The movement of the pistons, transmitted by connecting arms and crank arms, sets off the alternator's giant wheel. The wheel also acts as a flywheel: its mass stabilizes the machine's movement... It provides alternative current by way of its 72 electromagnets, which were powered by direct current from a direct current generator called an exciter. The poles of the electromagnets are alternated: one north, one south...

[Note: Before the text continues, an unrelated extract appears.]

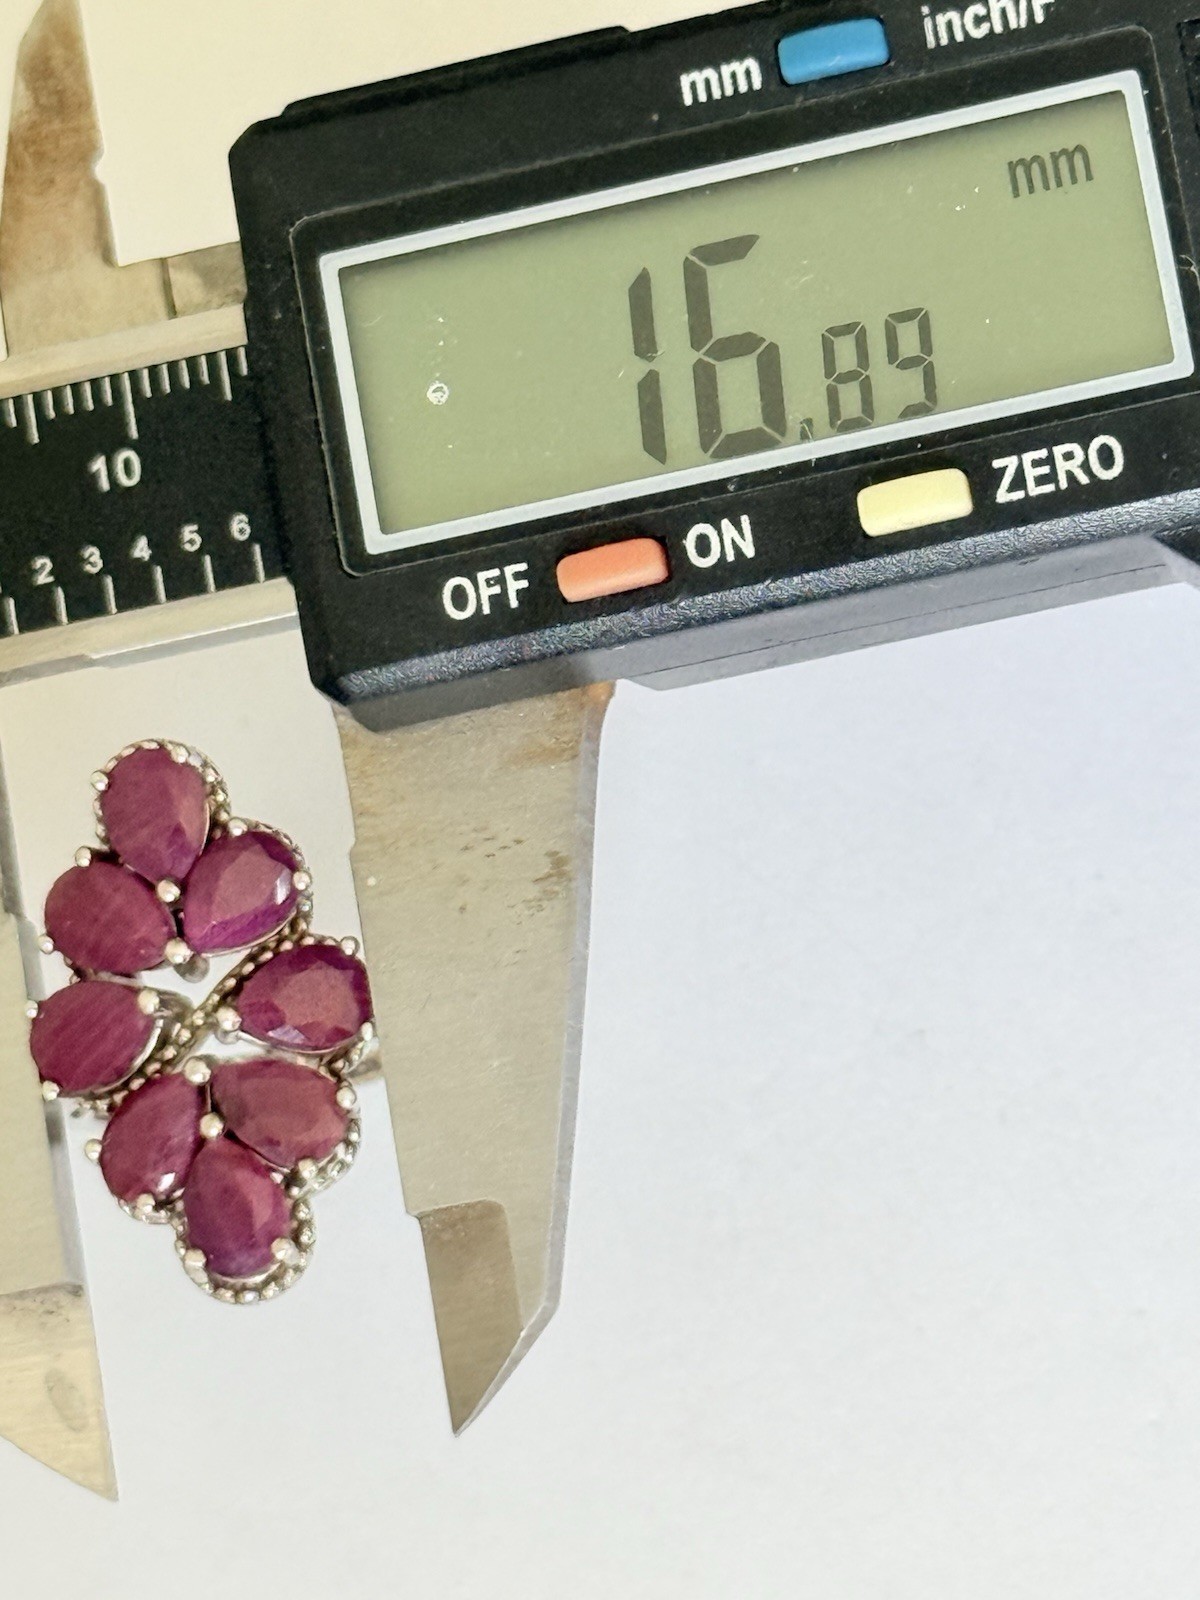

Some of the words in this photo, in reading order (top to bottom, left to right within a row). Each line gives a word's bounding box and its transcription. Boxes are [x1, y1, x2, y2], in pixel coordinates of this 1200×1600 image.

When the wheel, which is the alternator's rotor, turns, the rapid changes of the magnetic field in front of the fixed component - the stator - generate an alternative current in its copper armatures. The alternator then produced a 900 KW electrical current with a voltage of 400 V and a frequency of 45, then 50Hz as of 1922.
A machine among men
Trained personnel ensured the machine's proper functioning. As of 4 am, the boiler operators supplied coal so that the required pressure was reached by 7 am. Their work was the toughest because of the heat and the carbon dioxide, which made the air unbreathable.
The machinists who arrived around 6:0 were in charge of preparing the machine and ensuring its proper functioning for the whole day. The oilers were in charge of constantly filling the 48 "drip" grease fittings and used burettes to lubricate 315 oiling points every half-hour. The men worked to the rhythm of the foreman's whistle, the only way he could be heard above the noise of the alternator.
A thoroughly restored heritage
Transferring the "Great machine" from the DMC plant to the brand new museum building required complex logistics and the expertise of specialists. The machine had to be completely disassembled, part by part, then restored before being put together again. The objective was to have it in running condition for the visitors of the museum.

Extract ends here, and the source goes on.